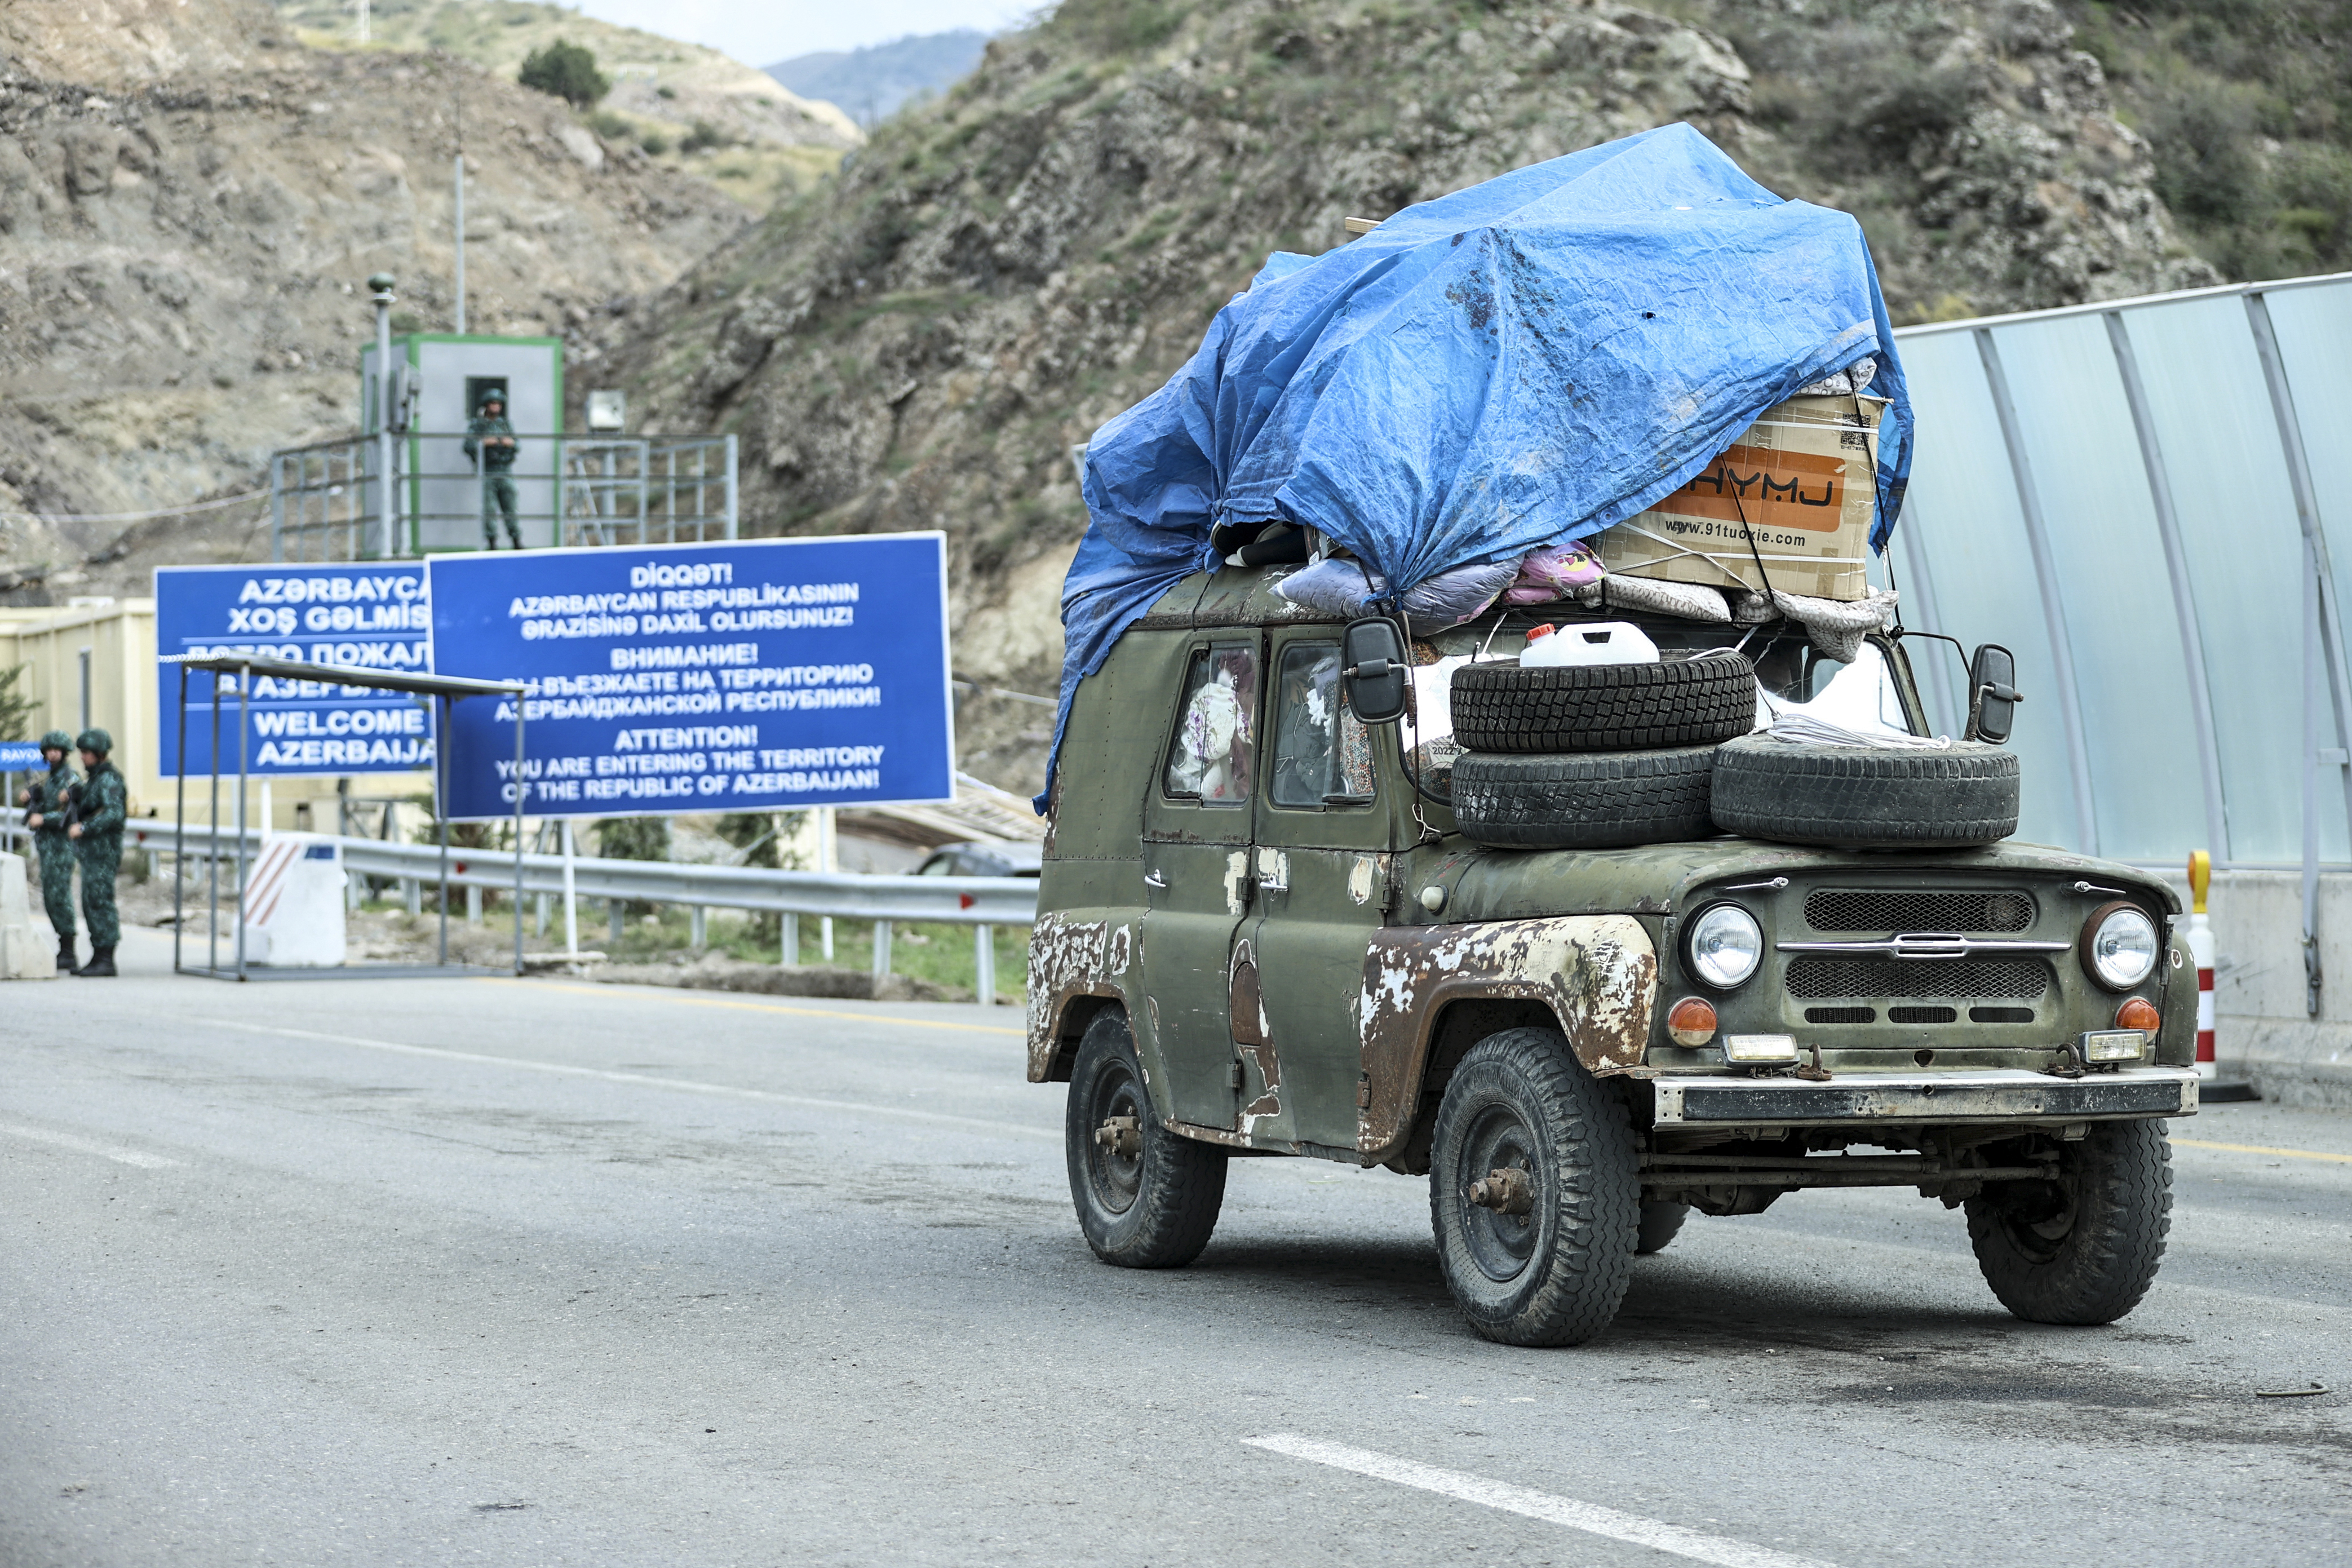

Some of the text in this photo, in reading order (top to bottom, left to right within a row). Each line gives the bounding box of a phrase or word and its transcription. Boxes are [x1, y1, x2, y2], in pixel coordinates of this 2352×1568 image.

[1679, 467, 1833, 506] HYMJ
[631, 561, 733, 588] DİQQƏT!
[508, 582, 860, 618] AZƏRBAYCAN RESPUBLİKASININ
[227, 606, 298, 636] XOŞ
[521, 606, 854, 640] ƏRAZİSİNƏ DAXİL OLURSUNUZ!
[610, 643, 759, 670] ВНИМАНИЕ!
[542, 672, 680, 697] ВЪЕЗЖАЕТЕ
[681, 670, 716, 690] НА
[718, 663, 874, 689] ТЕРРИТОРИЮ
[725, 686, 881, 712] РЕСПУБЛИКИ!
[254, 710, 424, 737] WELCOME
[614, 724, 758, 752] ATTENTION!
[494, 745, 885, 781] YOU ARE ENTERING THE TERRITORY
[1432, 746, 1455, 755] 2022
[501, 768, 880, 803] OF THE REPUBLIC OF AZERBAIJAN!

=-=-=-=-=

Your objective
Print the records word for word and exclude any picture they hold.

Result
Some of the text in this photo, in reading order (top to bottom, left to right within a row). Each line gives the bounding box of a phrase or word and its transcription. Boxes are [x1, y1, x2, y2], in pixel coordinates of this 2352×1568 image.

[1679, 467, 1833, 506] HYMJ
[631, 561, 733, 588] DİQQƏT!
[508, 582, 860, 618] AZƏRBAYCAN RESPUBLİKASININ
[227, 606, 298, 636] XOŞ
[521, 606, 854, 640] ƏRAZİSİNƏ DAXİL OLURSUNUZ!
[610, 643, 759, 670] ВНИМАНИЕ!
[542, 672, 680, 697] ВЪЕЗЖАЕТЕ
[681, 670, 716, 690] НА
[718, 663, 874, 689] ТЕРРИТОРИЮ
[725, 686, 881, 712] РЕСПУБЛИКИ!
[254, 710, 424, 737] WELCOME
[614, 724, 758, 752] ATTENTION!
[494, 745, 885, 781] YOU ARE ENTERING THE TERRITORY
[1432, 746, 1455, 755] 2022
[501, 768, 880, 803] OF THE REPUBLIC OF AZERBAIJAN!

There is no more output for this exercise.